Les règles actuelles appliquent le principe d’égalité de traitement, à savoir, le travailleur détaché percevra une rémunération dans les mêmes conditions que le ressortissant d’un pays donné occupant un poste analogue. La rémunération doit être prévue de manière à tenir compte de tous les règlements et lois locaux, les conventions collectives, etc. L’employeur est également tenu d’allouer au travailleur détaché toutes les primes et compléments dont les travailleurs locaux bénéficient.

Afin de faciliter le calcul de la rémunération de travailleur, une obligation de publier des informations relatives aux conditions d’emploi sur les sites web nationaux créés spécialement à cet effet a été imposée à chaque État membre.

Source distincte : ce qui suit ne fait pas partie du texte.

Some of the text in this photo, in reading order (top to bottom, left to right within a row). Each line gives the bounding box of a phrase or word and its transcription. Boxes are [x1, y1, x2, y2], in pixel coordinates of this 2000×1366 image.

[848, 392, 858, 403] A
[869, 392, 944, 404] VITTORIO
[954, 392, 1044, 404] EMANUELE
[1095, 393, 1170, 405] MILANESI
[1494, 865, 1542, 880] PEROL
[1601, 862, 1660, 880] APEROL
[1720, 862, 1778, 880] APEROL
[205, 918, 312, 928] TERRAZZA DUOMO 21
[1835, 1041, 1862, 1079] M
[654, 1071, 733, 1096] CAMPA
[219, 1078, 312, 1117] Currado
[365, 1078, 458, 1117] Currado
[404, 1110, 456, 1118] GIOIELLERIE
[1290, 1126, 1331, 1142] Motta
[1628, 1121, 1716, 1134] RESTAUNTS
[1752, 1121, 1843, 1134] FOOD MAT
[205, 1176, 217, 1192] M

DURÉE DU DÉTACHEMENT MAXIMALE

En vertu de nouvelles règles, la durée du détachement de travailleur par un employeur pour effectuer la même tâche sera de 12 mois au maximum. À la demande de l’entreprise concernée, il existe  la possibilité de prolonger cette période jusqu’à 18 mois. Passé ce délai, l’employeur devra appliquer à ce travailleur la loi du pays d’accueil.

Une période de remplacement d’un employé détaché par un autre employé effectuant la même tâche au même endroit sera incluse dans la période de 12 ou 18 mois.

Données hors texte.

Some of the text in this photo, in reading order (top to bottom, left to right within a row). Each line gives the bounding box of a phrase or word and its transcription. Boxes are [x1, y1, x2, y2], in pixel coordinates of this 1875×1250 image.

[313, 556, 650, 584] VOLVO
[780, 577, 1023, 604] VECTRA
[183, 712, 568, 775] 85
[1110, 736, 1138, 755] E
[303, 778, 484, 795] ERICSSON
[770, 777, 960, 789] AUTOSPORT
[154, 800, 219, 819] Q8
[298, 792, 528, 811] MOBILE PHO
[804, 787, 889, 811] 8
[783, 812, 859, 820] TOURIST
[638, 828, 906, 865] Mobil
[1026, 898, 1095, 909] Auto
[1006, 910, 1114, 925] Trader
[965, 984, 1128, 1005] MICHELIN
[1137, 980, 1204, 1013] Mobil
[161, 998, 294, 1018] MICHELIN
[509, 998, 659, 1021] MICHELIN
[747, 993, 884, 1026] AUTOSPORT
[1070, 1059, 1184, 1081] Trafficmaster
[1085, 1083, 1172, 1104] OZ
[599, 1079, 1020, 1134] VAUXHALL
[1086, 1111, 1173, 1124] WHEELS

CONSÉQUENCES DE LA NOUVELLE DIRECTIVE

De nombreuses entreprises polonaises estiment que les nouvelles modifications leur seront défavorables, car elles augmenteront les coûts de leur activité économique dans d’autres pays européens. Les effets de la révision seront également désavantageux pour les entrepreneurs étrangers, car dans de nombreux secteurs il manquera de travailleurs qui ont été détachés de Pologne. Il se pourrait que les petites entreprises n’aient plus de moyens de prendre en charge des travailleurs à l’étranger. Les charges administratives posent également un problème. Il est possible que les PME ne puissent pas faire face à la mise en oeuvre de toutes les procédures pendant la période transitoire de deux ans.

La Pologne a été l’un des pays ayant voté contre l’adoption de cette directive. Hormis nous, la Hongrie a voté contre, alors que la Croatie, la Lettonie, le Royaume-Uni, la Lituanie et l’Irlande se sont abstenus.